▸ **Task instructions**
An exact copy of every entry is required, minus the pictures.

▸ **Data shown**
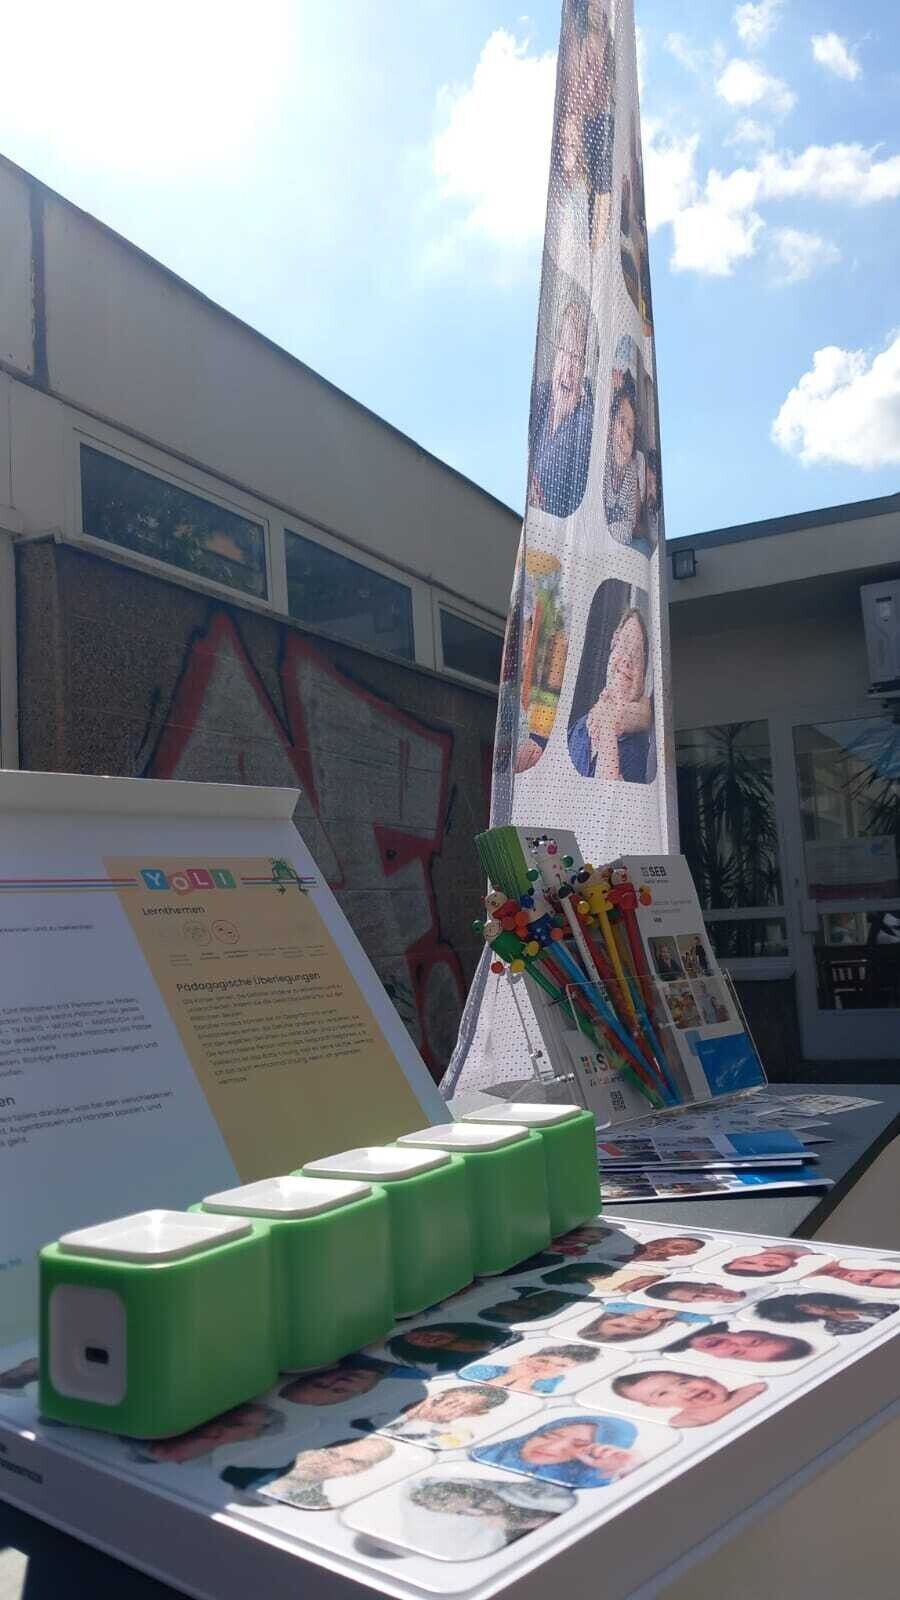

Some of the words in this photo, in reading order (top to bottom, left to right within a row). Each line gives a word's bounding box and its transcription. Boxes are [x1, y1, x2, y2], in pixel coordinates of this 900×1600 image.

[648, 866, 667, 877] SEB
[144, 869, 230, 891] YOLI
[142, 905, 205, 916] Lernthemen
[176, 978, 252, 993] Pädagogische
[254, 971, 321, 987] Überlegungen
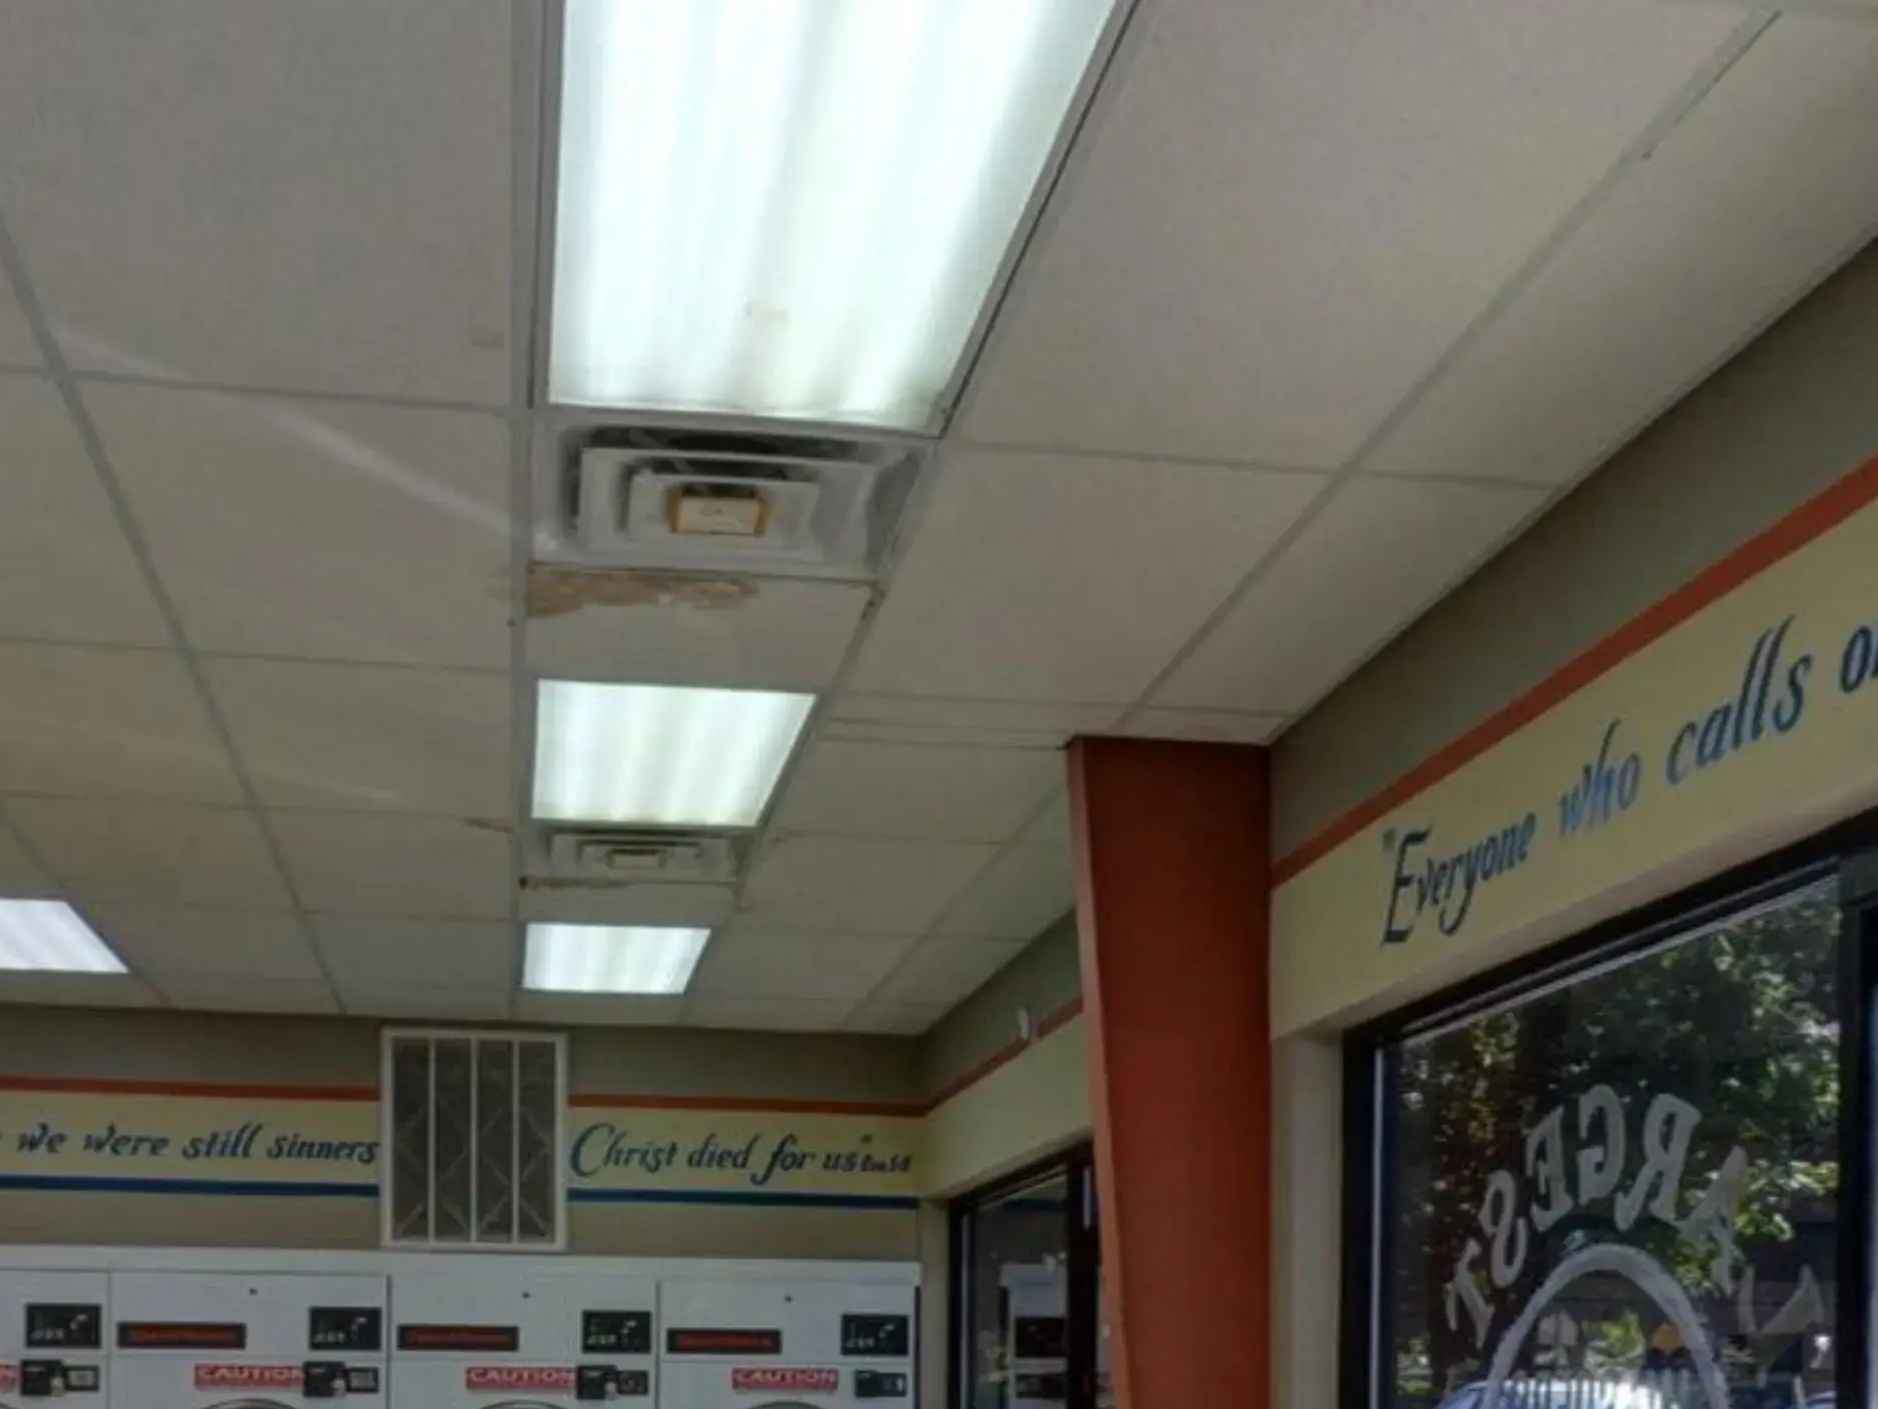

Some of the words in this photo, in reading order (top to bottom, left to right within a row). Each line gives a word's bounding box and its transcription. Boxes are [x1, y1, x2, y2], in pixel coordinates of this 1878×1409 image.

▸ **Completed exercise**
Some of the words in this photo, in reading order (top to bottom, left to right within a row). Each line gives a word's bounding box and its transcription. Boxes are [x1, y1, x2, y2], in pixel coordinates of this 900×1600 image.

[648, 866, 667, 877] SEB
[144, 869, 230, 891] YOLI
[142, 905, 205, 916] Lernthemen
[176, 978, 252, 993] Pädagogische
[254, 971, 321, 987] Überlegungen

Some of the words in this photo, in reading order (top to bottom, left to right within a row). Each line gives a word's bounding box and its transcription. Boxes are [x1, y1, x2, y2], in pixel coordinates of this 1878×1409 image.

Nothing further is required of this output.